Records supplied START
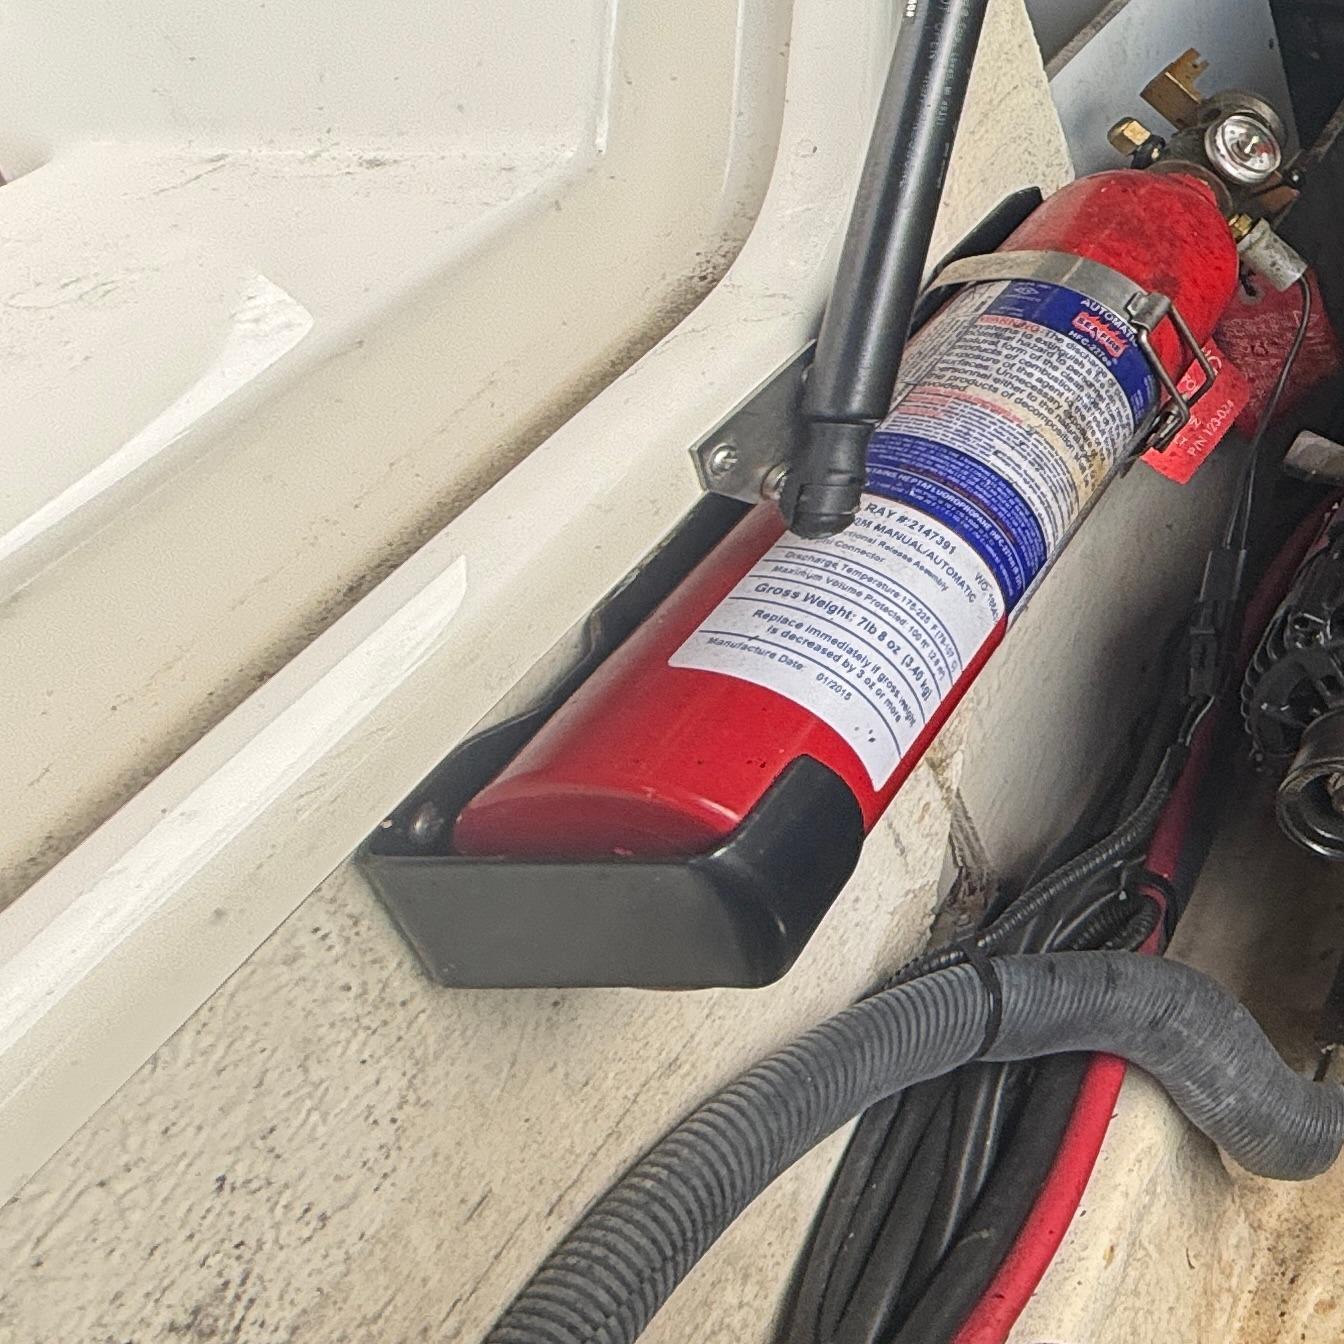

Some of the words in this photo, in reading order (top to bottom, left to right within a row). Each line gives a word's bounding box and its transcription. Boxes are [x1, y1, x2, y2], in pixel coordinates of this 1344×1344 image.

[865, 503, 897, 519] RAY
[873, 523, 976, 604] MANUAL/AUTOMATIC
[754, 583, 800, 601] Gross
[708, 637, 776, 659] Manufacture
[752, 609, 803, 629] Replace
[806, 624, 870, 668] immediately
[766, 625, 777, 635] is
[781, 630, 841, 662] decreased
[841, 660, 856, 677] by
[856, 670, 864, 679] 3
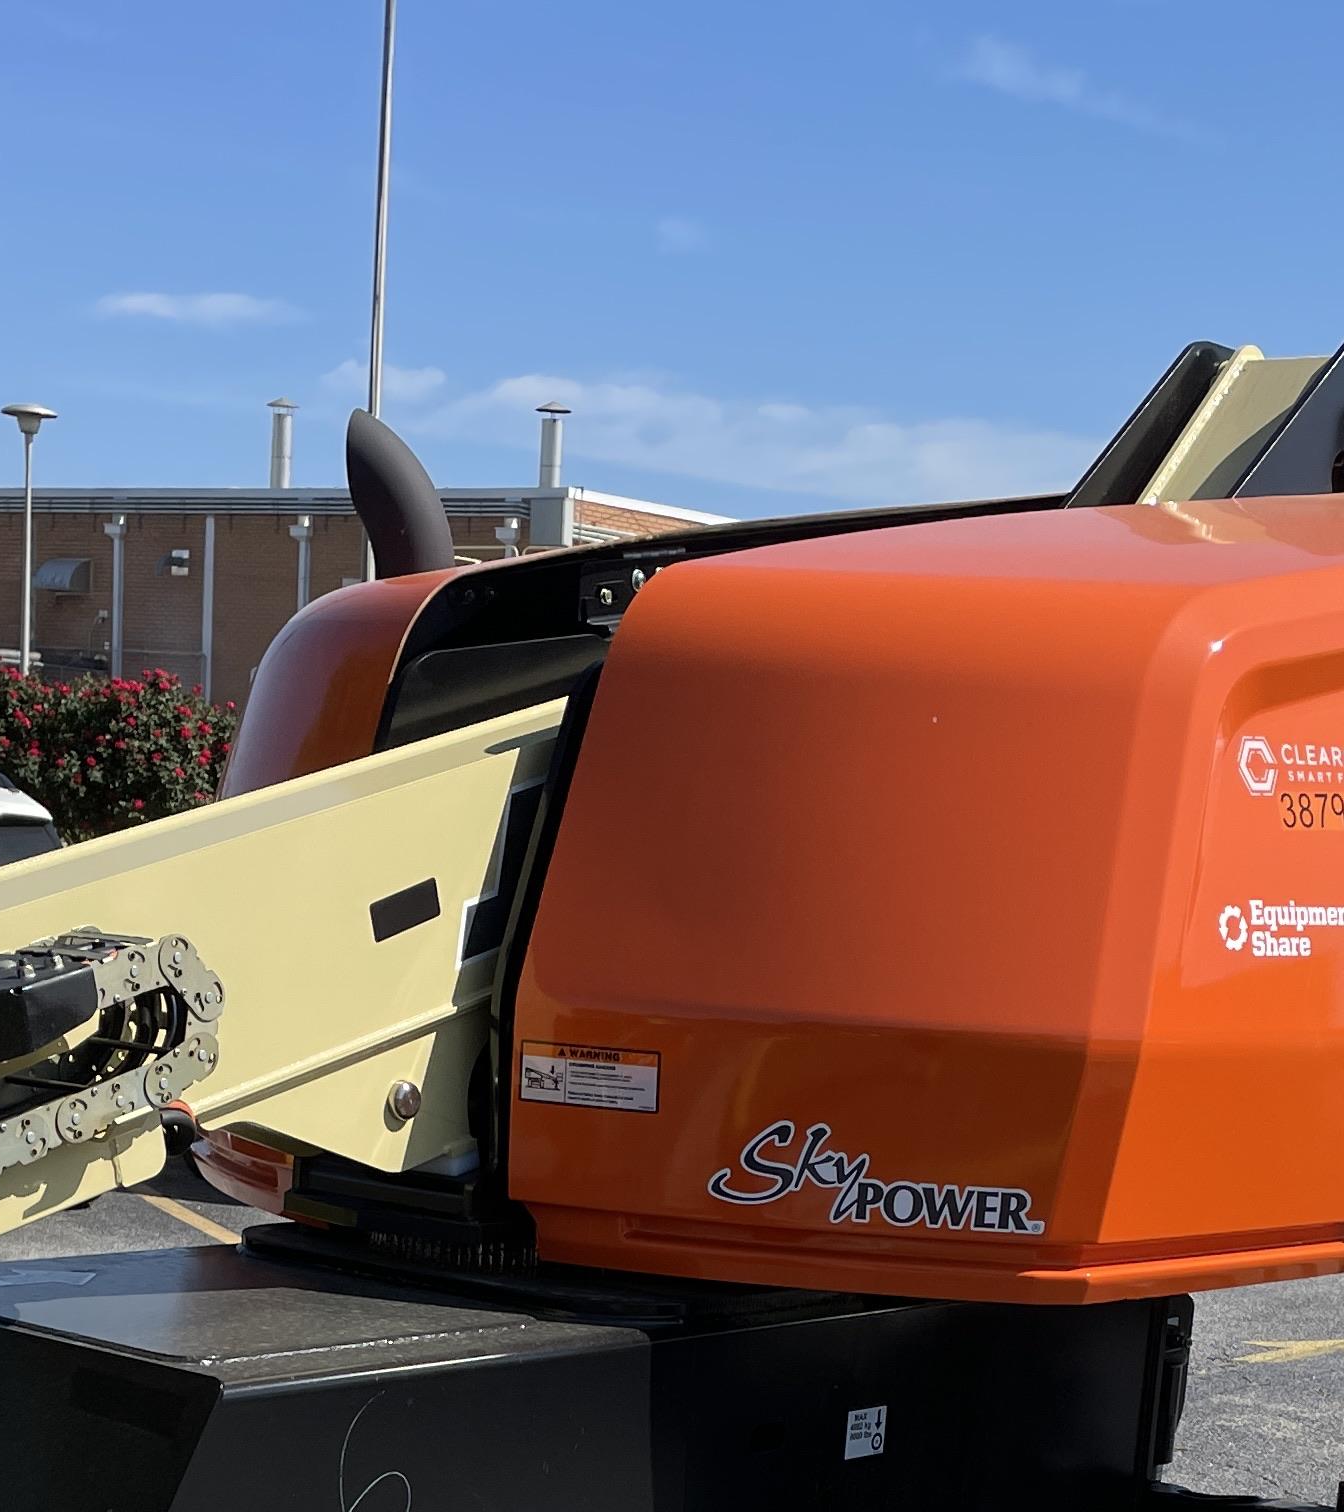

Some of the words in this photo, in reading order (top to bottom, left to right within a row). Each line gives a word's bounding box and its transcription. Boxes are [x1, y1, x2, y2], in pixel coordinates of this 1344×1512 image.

[1288, 770, 1333, 783] SMART
[1251, 930, 1312, 957] Share
[569, 1049, 621, 1062] WARNING
[709, 1121, 868, 1221] Sky
[854, 1181, 1030, 1232] POWER
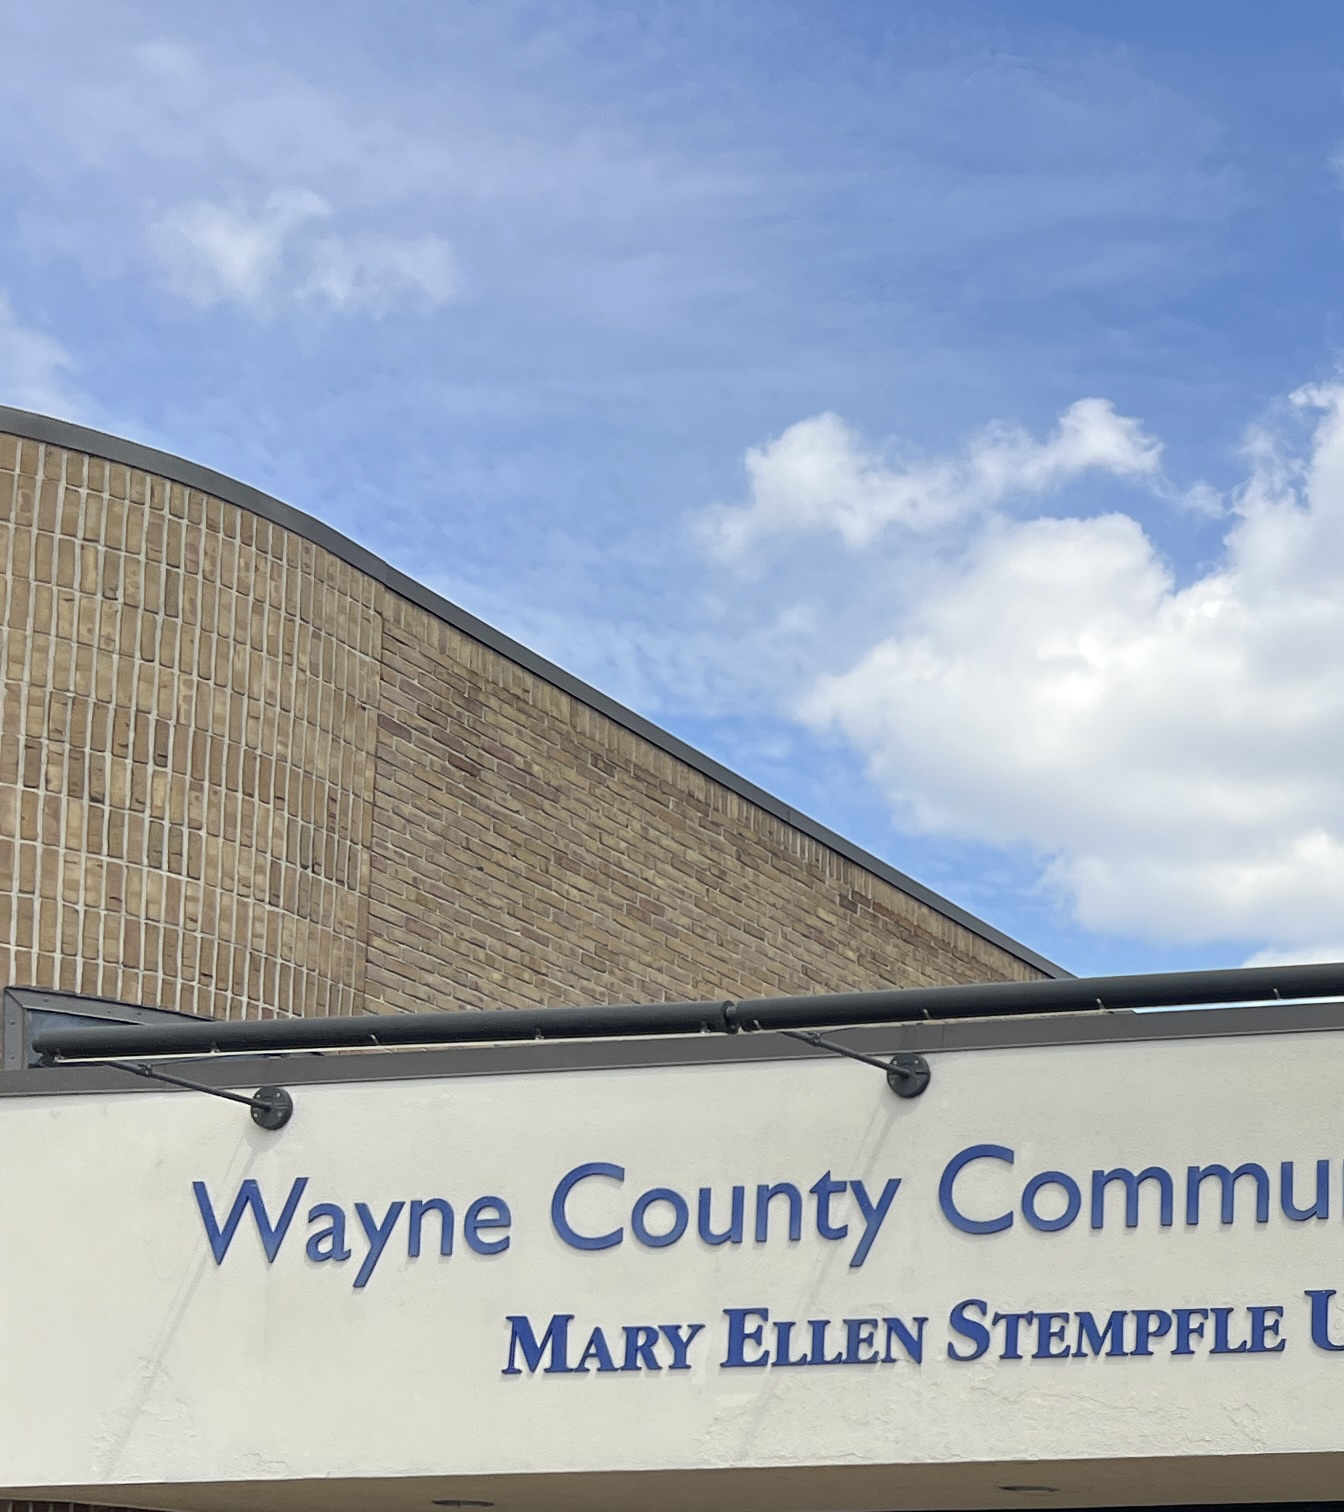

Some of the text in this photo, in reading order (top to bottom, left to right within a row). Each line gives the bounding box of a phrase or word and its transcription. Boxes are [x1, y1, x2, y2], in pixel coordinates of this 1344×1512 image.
Records supplied END
Your task:
Repeat every record above exactly. Omit the pictures.

Response box:
Some of the words in this photo, in reading order (top to bottom, left to right within a row). Each line gives a word's bounding box and its transcription. Boxes are [x1, y1, x2, y2], in pixel coordinates of this 1344×1344 image.

[865, 503, 897, 519] RAY
[873, 523, 976, 604] MANUAL/AUTOMATIC
[754, 583, 800, 601] Gross
[708, 637, 776, 659] Manufacture
[752, 609, 803, 629] Replace
[806, 624, 870, 668] immediately
[766, 625, 777, 635] is
[781, 630, 841, 662] decreased
[841, 660, 856, 677] by
[856, 670, 864, 679] 3

Some of the words in this photo, in reading order (top to bottom, left to right within a row). Each line gives a word's bounding box and its transcription. Boxes are [x1, y1, x2, y2], in pixel coordinates of this 1344×1512 image.

[1288, 770, 1333, 783] SMART
[1251, 930, 1312, 957] Share
[569, 1049, 621, 1062] WARNING
[709, 1121, 868, 1221] Sky
[854, 1181, 1030, 1232] POWER

Some of the text in this photo, in reading order (top to bottom, left to right within a row). Each line gives the bounding box of a phrase or word and its transcription. Boxes are [x1, y1, x2, y2], in pixel coordinates of this 1344×1512 image.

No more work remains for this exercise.